Ronaldo Rebello de Britto Poletti
Estou escrevendo um modesto livro
sobre Filosofia do Direito. São anotações de aula no curso de graduação e pós
na UnB, quando era professor. Faço críticas às alternatividades jurídicas
modernosas. Não cuido do direito alternativo, que considero um “nada”
científico. Já o “Direito achado na rua” merece alguma atenção, até em
consideração ao Professor José Geraldo de Sousa Júnior e, também, porque
verifico naquela direção alguns aspectos favoráveis, mais sociológicos do que
jurídicos. Há, todavia, algumas rimas com o Direito Romano, como a ideia dos
“novos sujeitos”, os costumes como fonte normativa capaz de derrogar a lei
(maneira tácita do povo dar a última palavra). Em razão disso, inseri notas de
rodapé, dentre outras uma em que escrevo mais ou menos o seguinte.

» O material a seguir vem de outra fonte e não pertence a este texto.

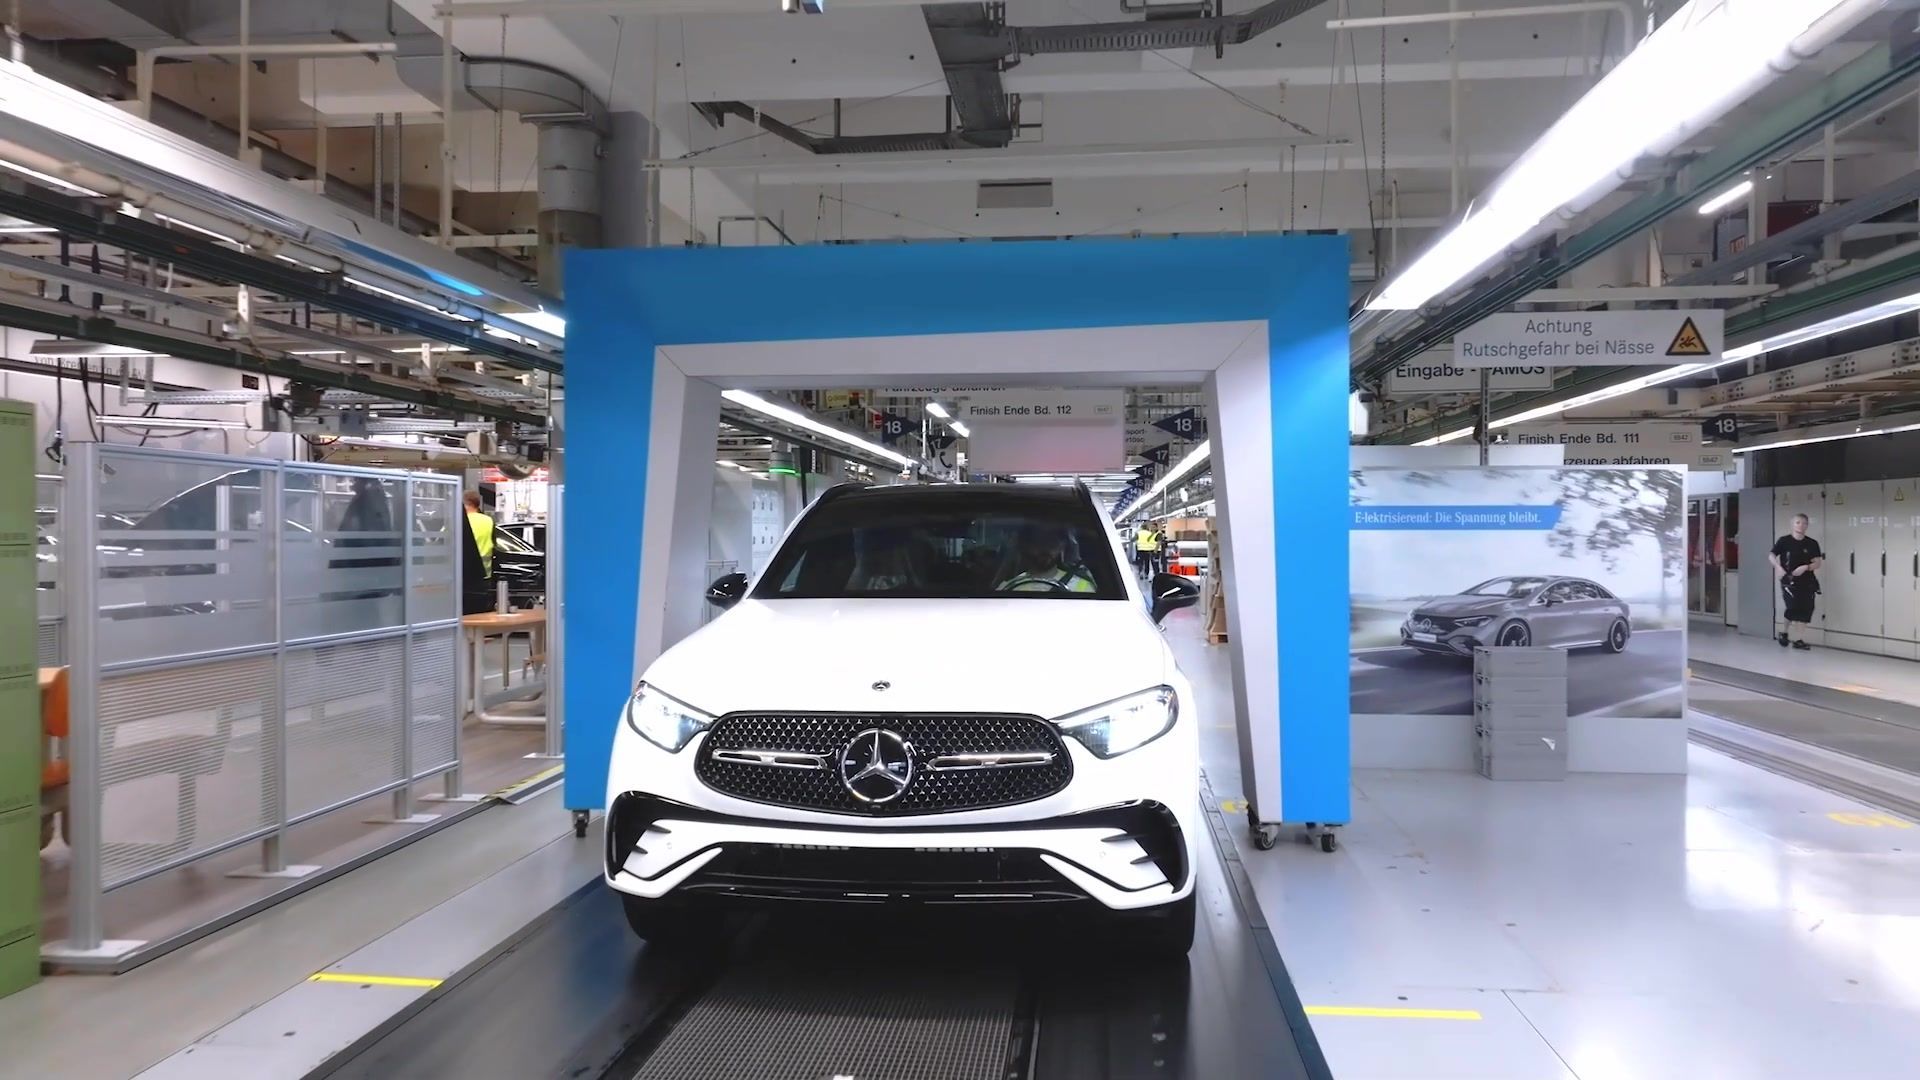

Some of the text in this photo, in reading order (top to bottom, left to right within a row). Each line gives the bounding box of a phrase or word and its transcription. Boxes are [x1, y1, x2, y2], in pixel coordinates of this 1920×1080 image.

[1525, 319, 1592, 336] Achtung
[1463, 340, 1654, 359] Rutschgefahr bei Nässe
[1396, 363, 1464, 380] Eingabe
[970, 405, 1072, 416] Finish Ende Bd. 112
[885, 420, 902, 434] 18
[1174, 418, 1192, 432] 18
[1715, 418, 1735, 433] 18
[1518, 433, 1640, 444] Finish Ende Bd. 111
[1156, 449, 1168, 460] 17
[1355, 511, 1541, 526] E-lektrisierend: Die Spannung bleibt.
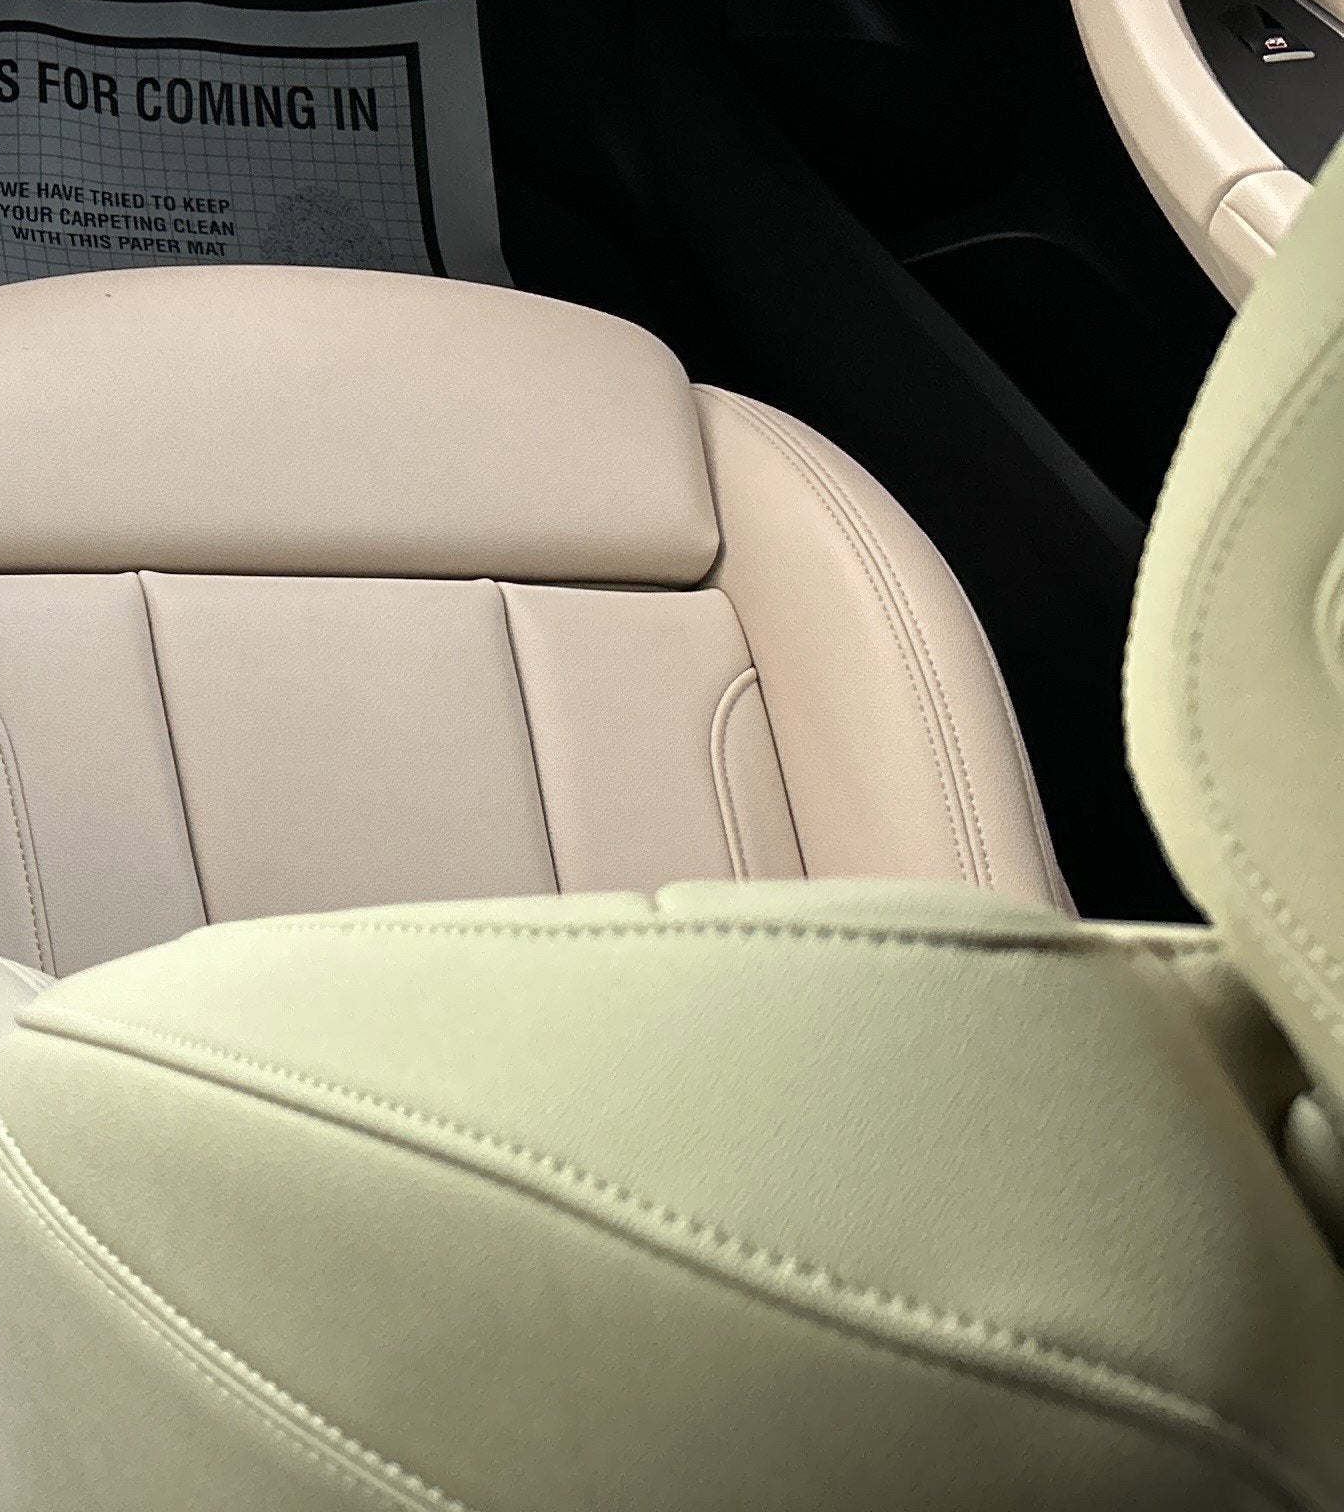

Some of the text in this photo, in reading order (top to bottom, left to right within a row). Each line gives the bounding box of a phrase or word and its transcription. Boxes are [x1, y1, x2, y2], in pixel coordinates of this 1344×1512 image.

[38, 60, 120, 118] FOR
[136, 76, 316, 131] COMING
[334, 86, 379, 132] IN
[0, 181, 230, 215] WE HAVE TRIED TO KEEP
[0, 203, 235, 237] YOUR CARPETING CLEAN
[11, 226, 227, 257] WITH THIS PAPER MAT
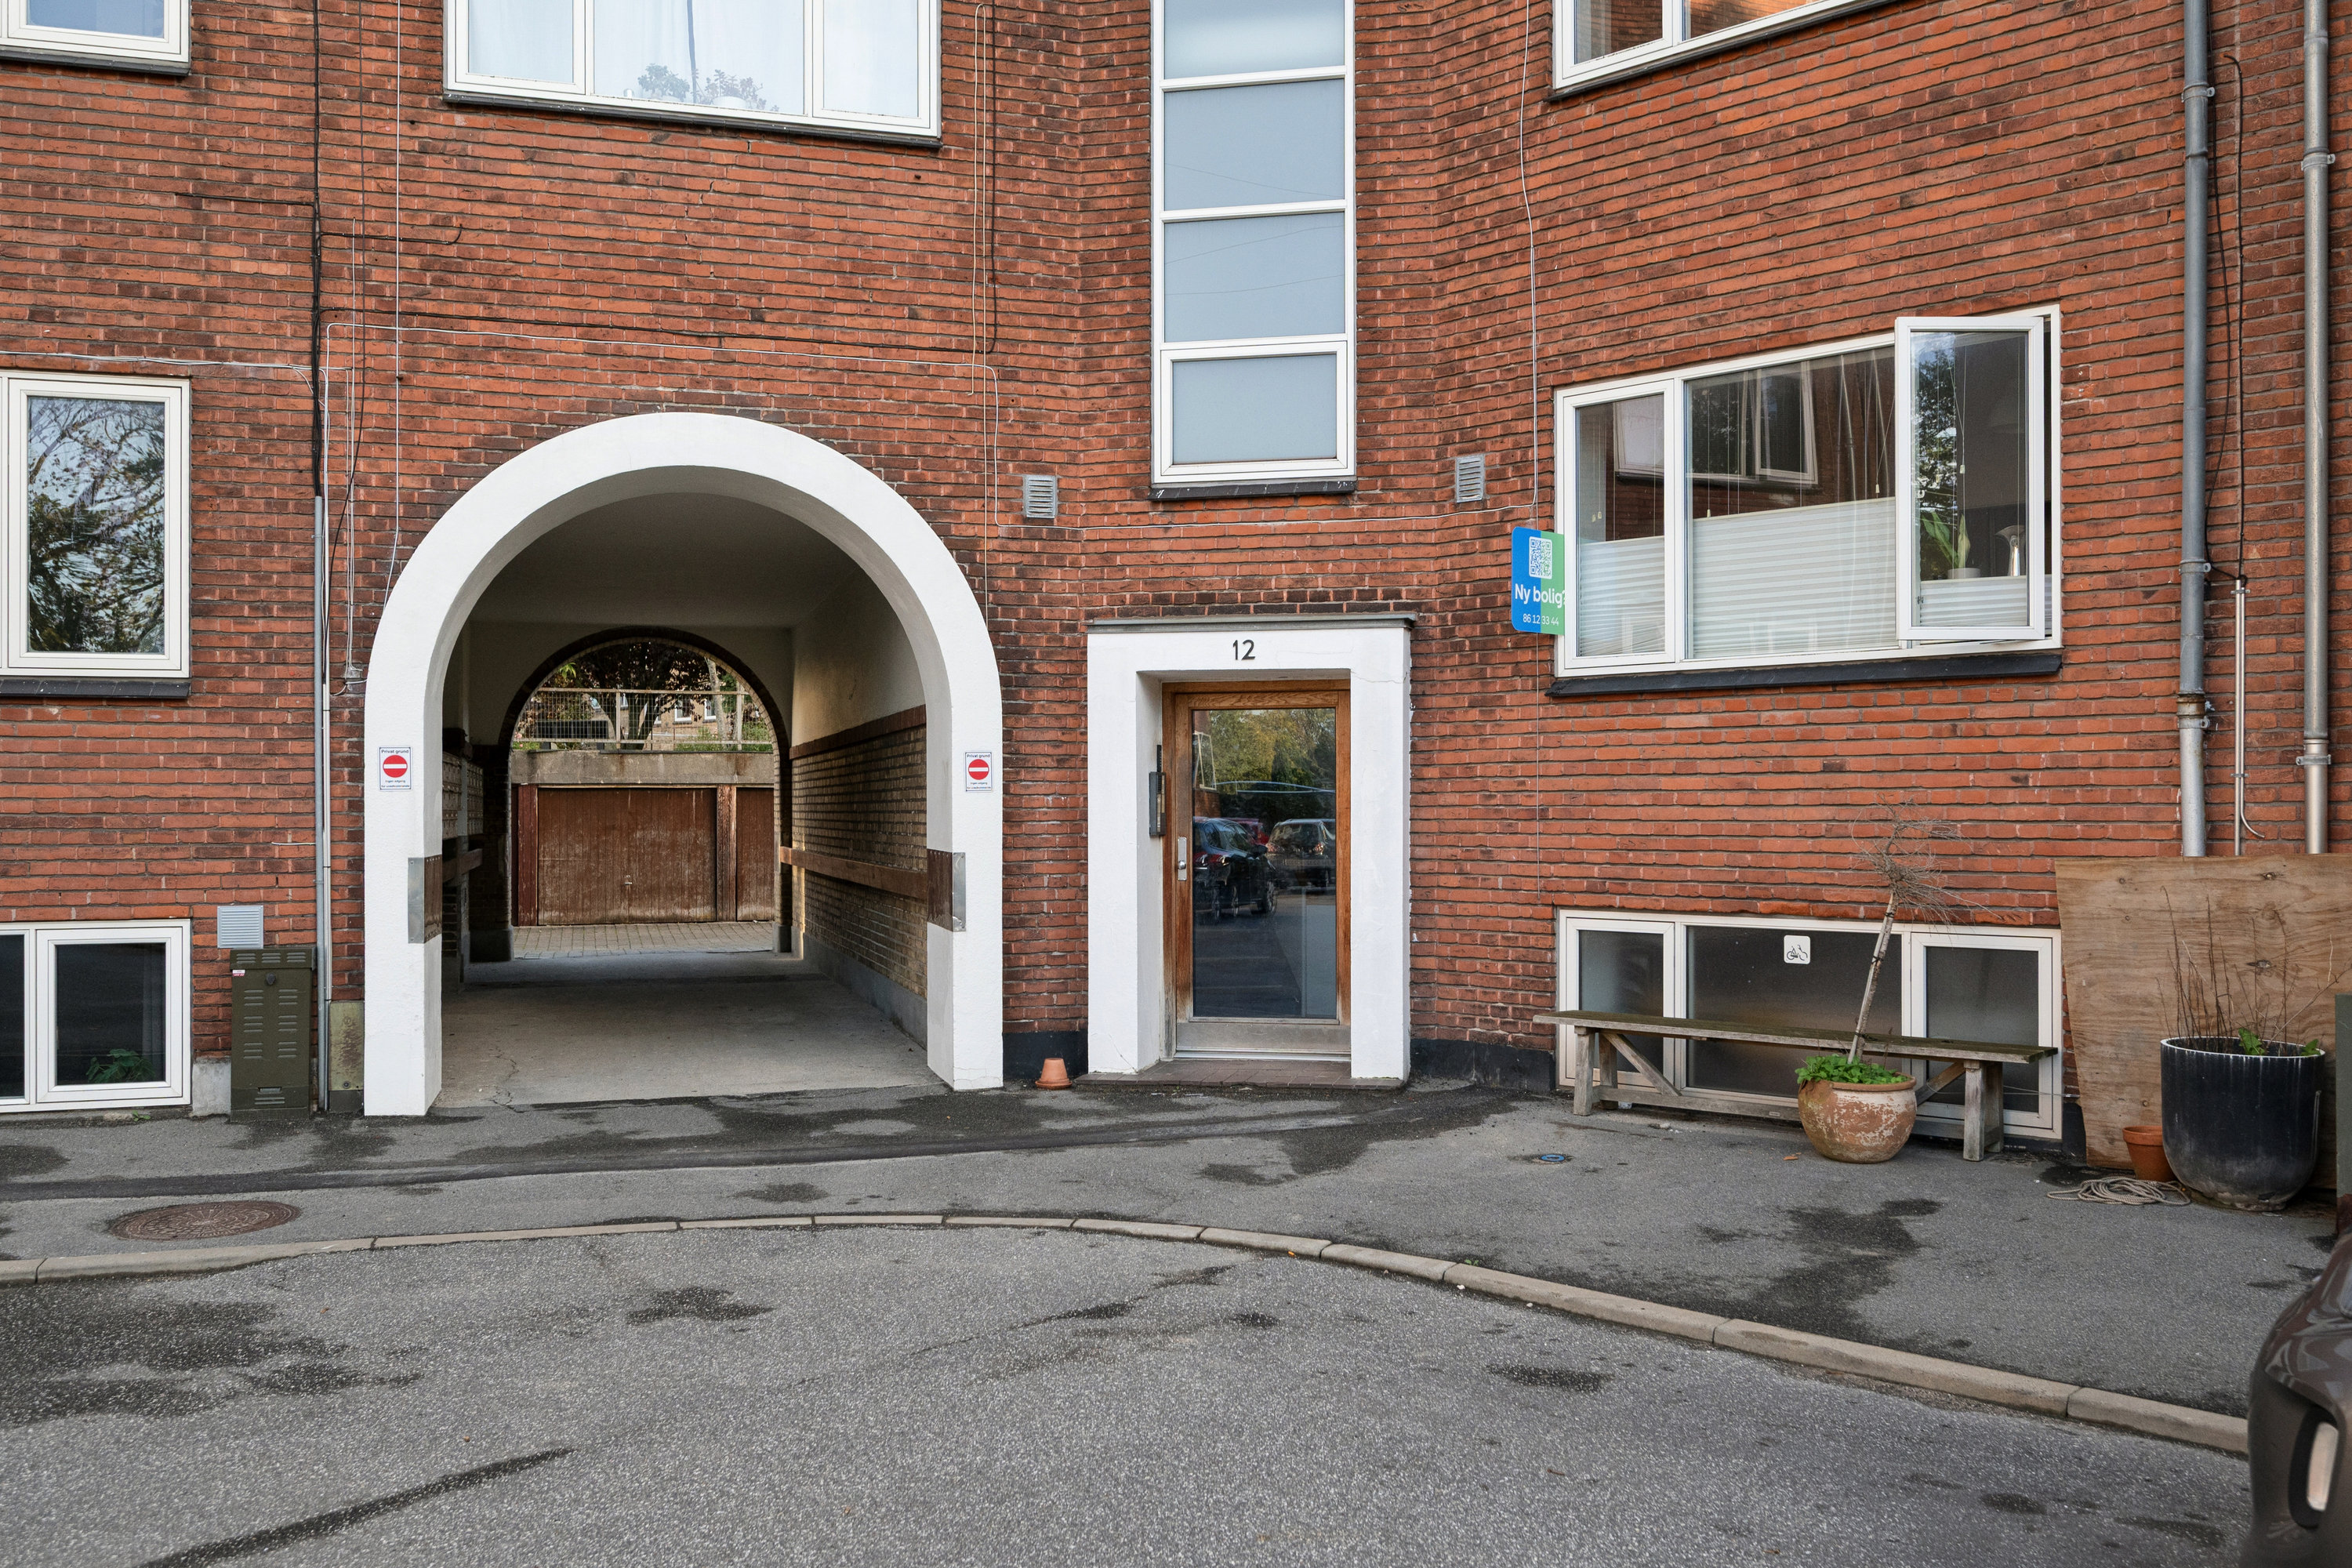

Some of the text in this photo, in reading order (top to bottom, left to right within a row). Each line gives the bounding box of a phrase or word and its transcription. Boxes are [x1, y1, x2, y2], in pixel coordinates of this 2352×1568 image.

[1515, 583, 1531, 604] Ny
[1523, 613, 1559, 626] 86 12 33 44
[1232, 639, 1256, 660] 12
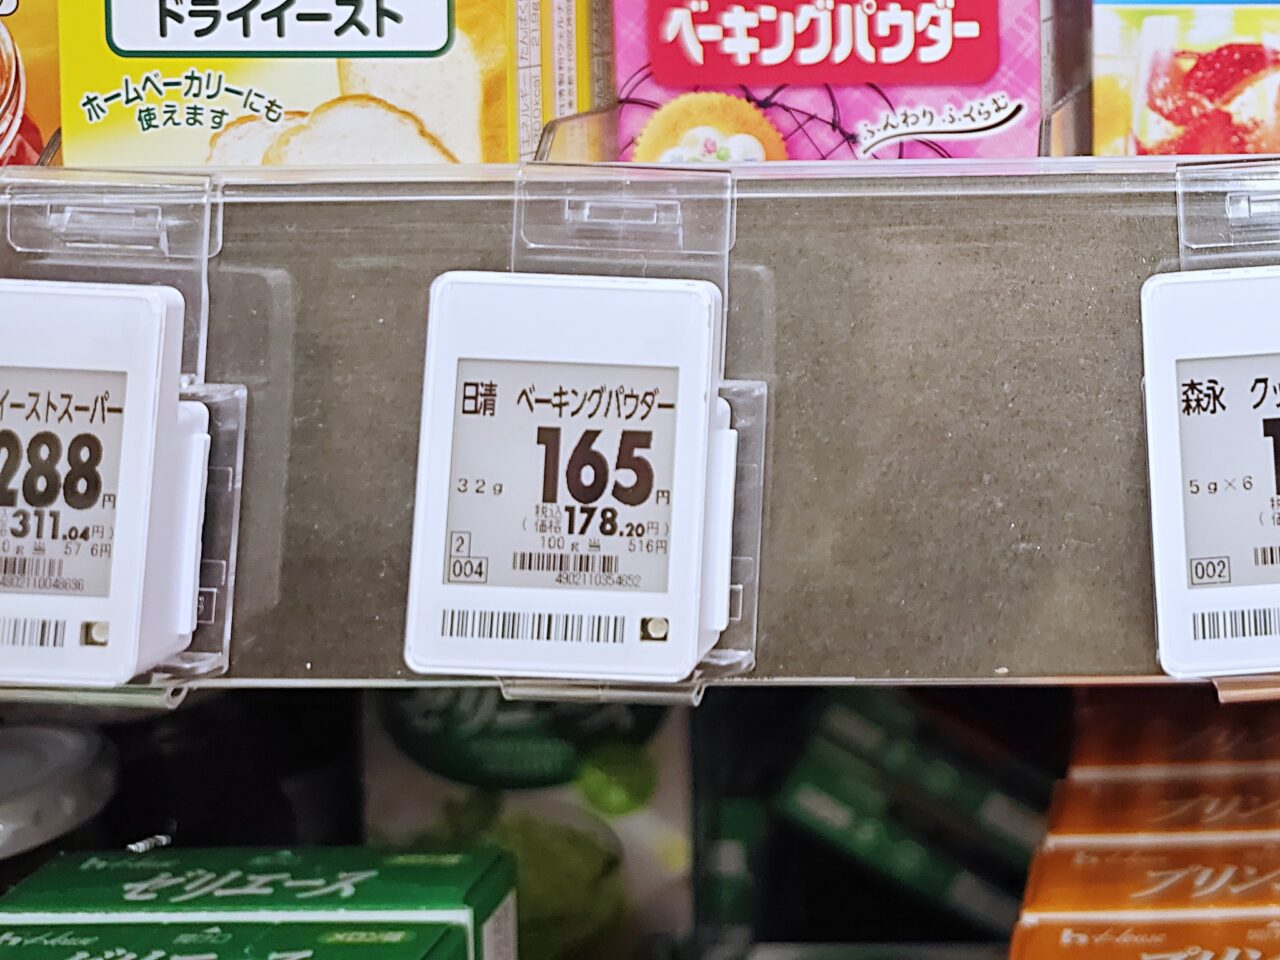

Além das publicações da UnB e os três
únicos números da revista Direito e
Avesso, da década de 80, há o último livro do José Geraldo: Direito como Liberdade. O Direito Achado na
Rua (2011). Ele elabora significativa síntese do movimento, suas ações e
rimas com autores de um único identificável diapasão, agrupados em torno de
ideias que não são, propriamente, novas: direito dos excluídos, reivindicações
sociais, utilização do Direito para fins não-jurídicos, a-jurídicos e, até,
anti-jurídicos; criação de uma Universidade Popular [?!]; cotas de todo tipo,
para negros, índios, membros do Movimento Sem Terra (MST); formação de
estudantes para a atuação na luta pelo Direito como expressão e formação da
liberdade. Nenhum disfarce de uma posição revolucionária, que imaginávamos
tivesse desaparecido. A posição esquerdista dos escribas lembrados e agrupados
não é disfarçada. Imagina-se que disso todos se orgulhem. Marx sempre, marxismo,
marxiano, marxisisante, a adesão ao materialismo é evidente. O disfarce, porém,
está na falsa modernidade e no brilho intelectual de alguns dos agregados, a
partir de Lyra Filho, não necessariamente seus discípulos, porém com ele
conformes: Warat, Boaventura de Souza Santos, Marilena Chauí, Michel Mialle,
Canotilho e tantos outros, irmanados na ação revolucionária proposta por
Gramsci. O problema não é tanto de mérito, mas de uma sociologia infiltrada na
Ciência Jurídica e na proclamação de um equívoco de sua historicidade. Se tudo
está errado, vamos tudo alterar, porque chegaram os novos projetos, não
necessariamente das letras jurídicas, mas da rua, onde os grandes intérpretes
do povo vão pontificar o novo paradigma, arbitrariamente concebido. Se isso é Direito
ou anti-Direito, pouco importa. O certo é que intentam transformar o ordenamento
existente, afinal instrumento da classe dominante, sem os instrumentos
ortodoxos de sua mutabilidade. Ou os dominadores cedem, ou vão de roldão. As
críticas são consideradas irrelevantes, ou de má fé; as nossas – honra-me com
sua menção – são de um “fundamentalismo fechado ao diálogo”, “recalcitrante às
formas de alteridade que forjam a consciência e a liberdade, como lembra
Marilena Chauí.” Quanta honra! Assim, a nossa crítica “é antes uma objeção
ideológica, centrada num transcendentalismo fundamentalista, que invocando um
homem universal metafísico (o homem como valor em si mesmo e criação original),
faz objeção à experiência de humanização que se realiza na história, como
emancipação consciente na práxis libertária.” Como se vê a nossa leitura
crítica é equivocada, afinal há vários humanismos, logo vale o da “rua” e sua
“revolução”, onde se pretende organizar a liberdade pelos companheiros
concebida, mas onde o homem, infelizmente, não passa de uma paixão inútil,
sartreana, um homem sem essência anterior fundada em um Ser transcendente, mas
que se forma na própria vida e na rua. No entanto, não temos assistido esse homem
da rua, revolucionário, existencialista, resolver a miséria do mundo ou
implantar a paz.
Mais uma ironia: o capitalismo,
objeto de desdém e de crítica, vem se organizando de maneira a esvaziar a
própria rua. Já as reformas de Paris e de Viena, pelo célebre arquiteto
Hausmann, destruindo as ruelas e vias estreitas e substituindo-as por grandes
avenidas, inviabilizaram as passeatas e as barricadas, como Marx reclamou.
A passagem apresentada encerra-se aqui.